Les voisines se regardèrent. Si Tayeb ne savait pas que sa femme tenait ce discours. Il n’aurait jamais oser faire des remarques aussi biscornues devant un parterre de femmes qui habitent, pour la plupart, dans cette grande maison depuis plusieurs années.
Enfin fatiguée d’avoir toute la journée imposer sa dictature, lla Kheïra revint chez elle. Fettouma était occupée à plier du linge et chantonnait d’un air joyeux.
- C’est ta mère qui se marie ! lui lance-t-elle sans trop de gêne.
- Hein ?
- Pourquoi chantes-tu donc Fettouma cette vieille litanie ?
- Oh, c’est un air qui m’est venu comme ça.
- Et ce linge, tu n’as pas fini encore de le plier ?
- Mais je viens à peine de le ramasser.
Lla Kheïra prend son air courroucé que Fettouma ne connaissait que trop :
- Et qu’avais-tu donc attendu pour le ramasser plus tôt ?
- Il n’était pas encore sec, je…
- Tu… Tu… Je ne comprends plus rien à ton manège de fille gâtée. Désormais, tu iras étendre le linge dès les premières heures du matin sur la terrasse comme toutes les voisines. C’est fini pour la cour, je vais planter du jasmin dans tous les coins pour camoufler ces odeurs nauséabondes qui imprègnent les lieux.
Fettouma allait riposter quand, tout d’un coup, elle se sentit mal. Une nausée la surprend et elle courut se soulager dans le grand bassin de la cour.
Lla Kheïra la suit :
- Qu’as-tu encore ? Hier, tu avais des maux de tête et aujourd’hui…
Elle ne termine pas sa phrase.

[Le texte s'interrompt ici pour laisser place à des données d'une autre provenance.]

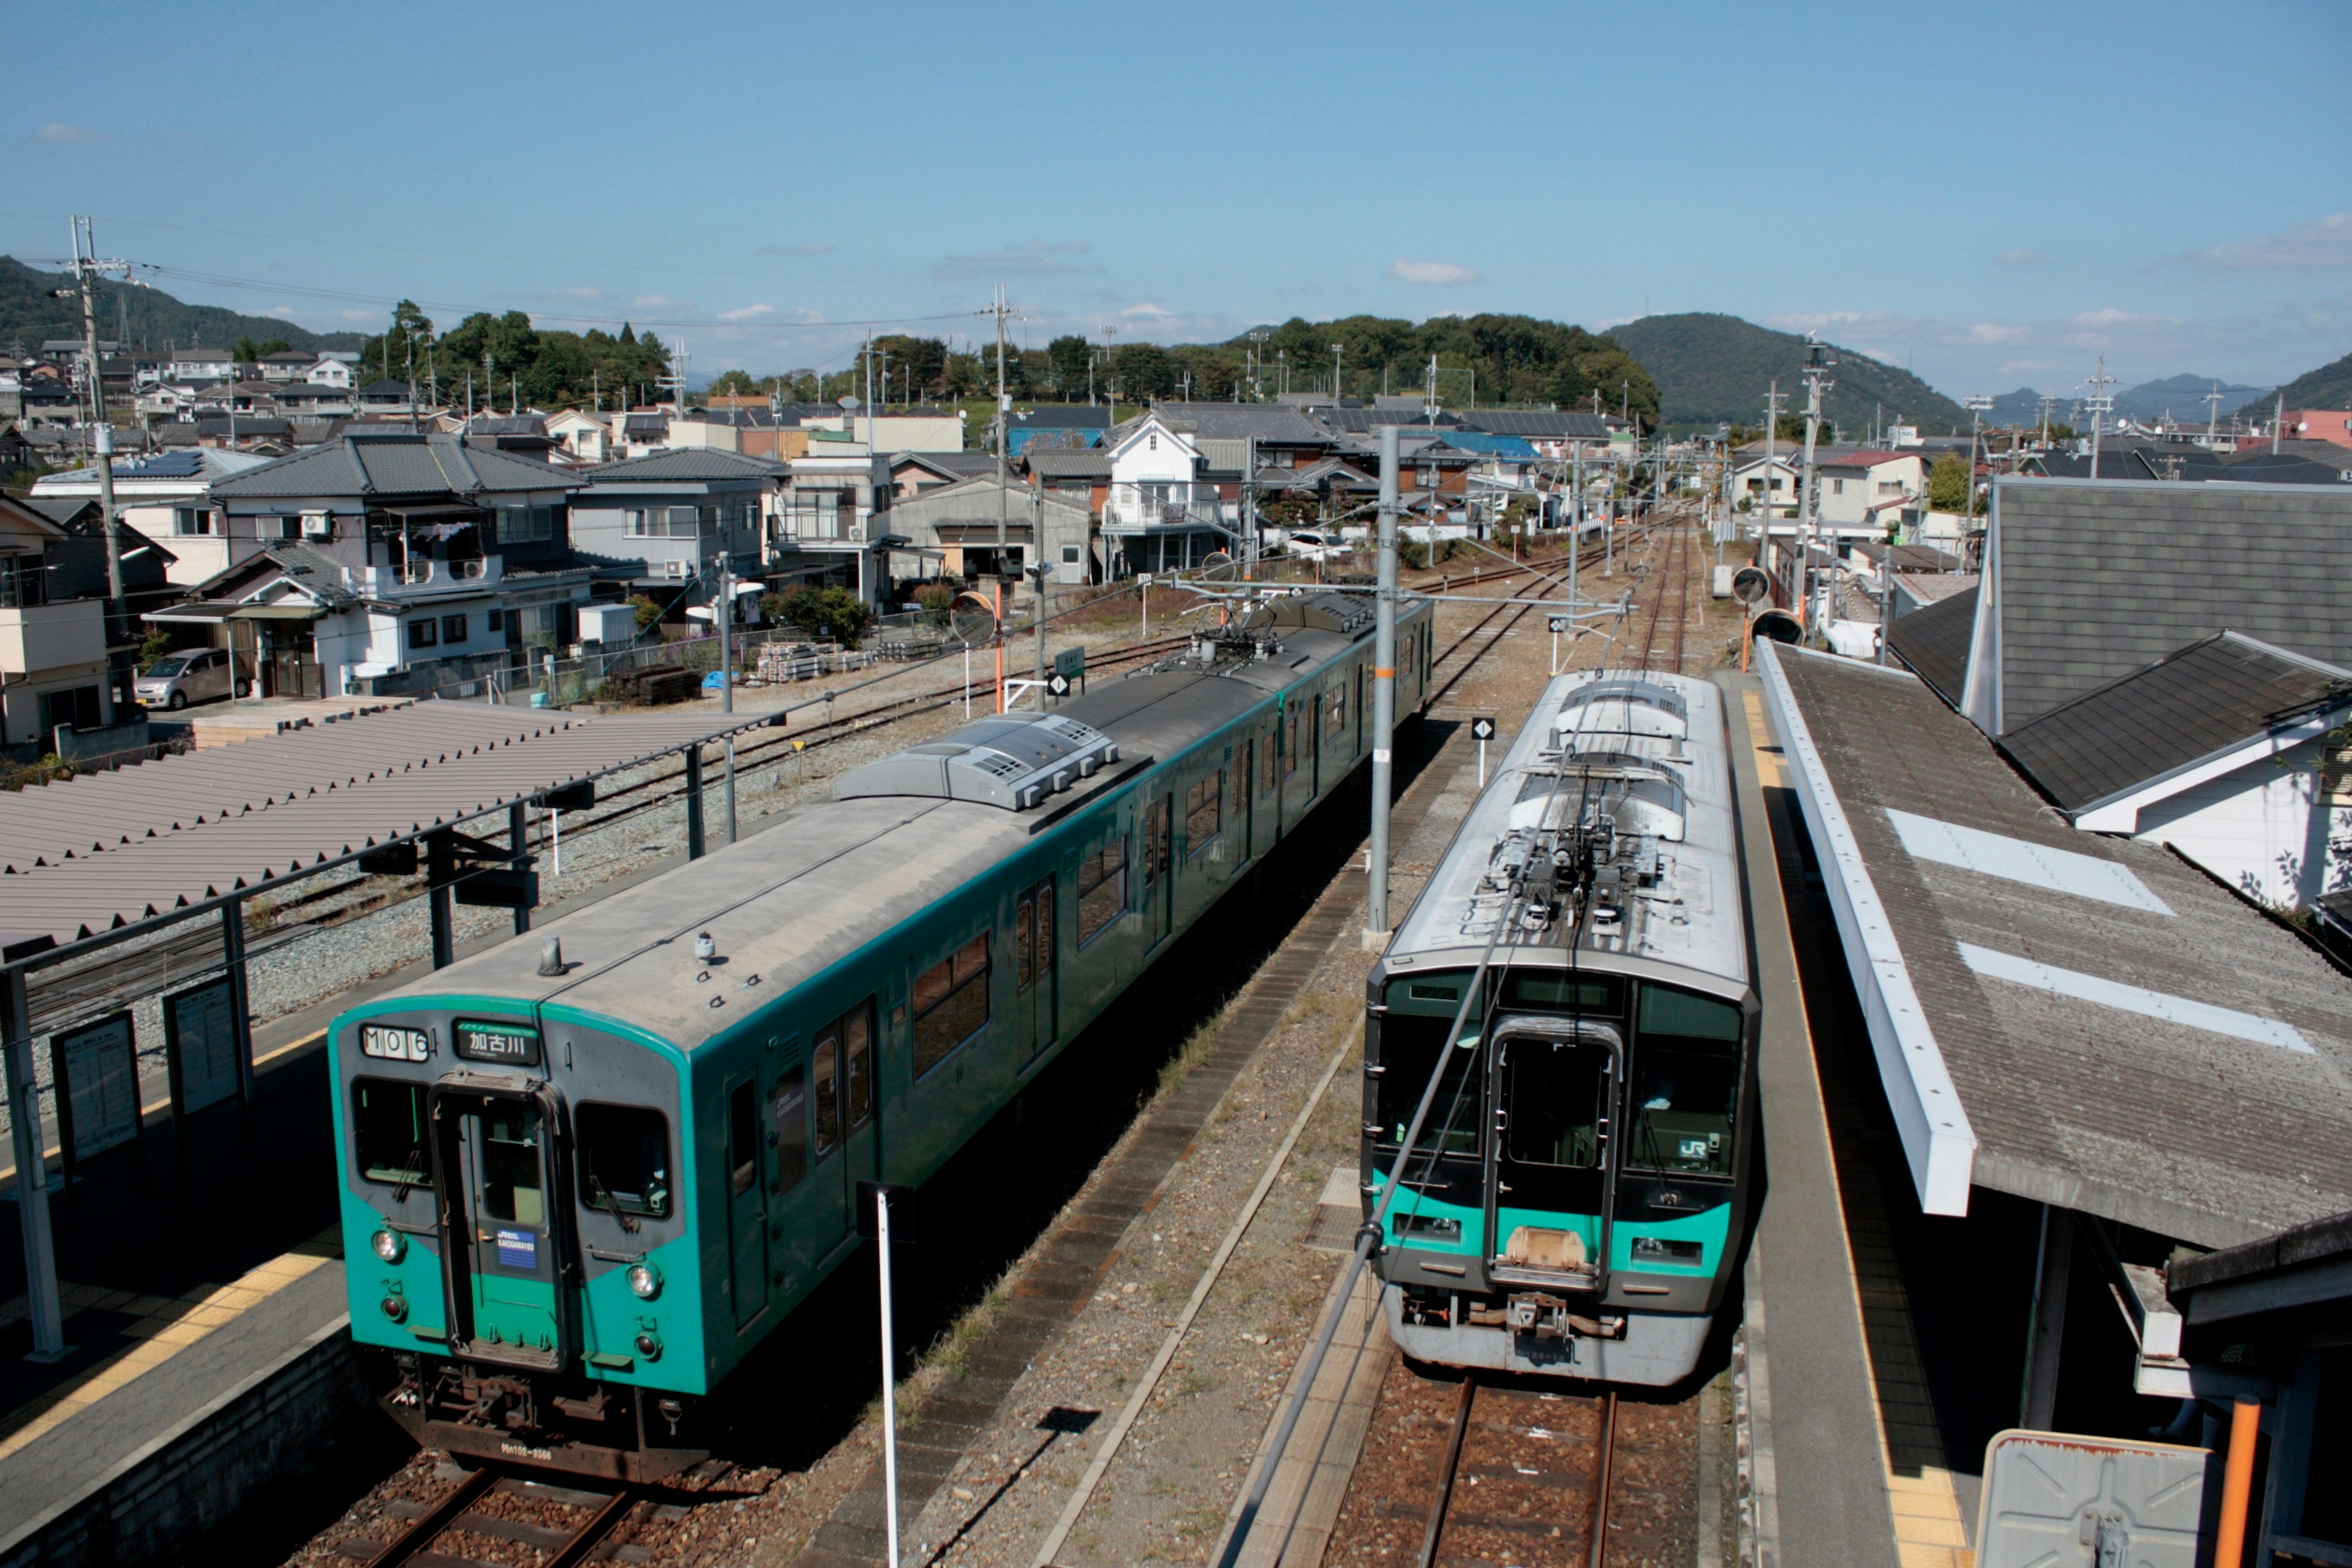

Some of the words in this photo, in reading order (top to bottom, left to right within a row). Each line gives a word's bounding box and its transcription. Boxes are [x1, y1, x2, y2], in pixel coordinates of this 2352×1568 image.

[470, 1032, 525, 1055] 加古川
[1681, 1140, 1706, 1156] JR

Fettouma s’affale de tout son long sur les dalles fraîches de la grande cour.
Des voisines accoururent. Lla Z’hor était absente ce jour. La jeune femme est vite entourée. On la relève et on l’emmène dans sa chambre, où on l’allongera dans son lit avant de lui asperger le visage d’eau.
- Je vous avais bien dit qu’elle était fragile de santé, lance lla Kheïra tout en s’emparant d’un flacon d’eau de roses qui trônait sur la coiffeuse.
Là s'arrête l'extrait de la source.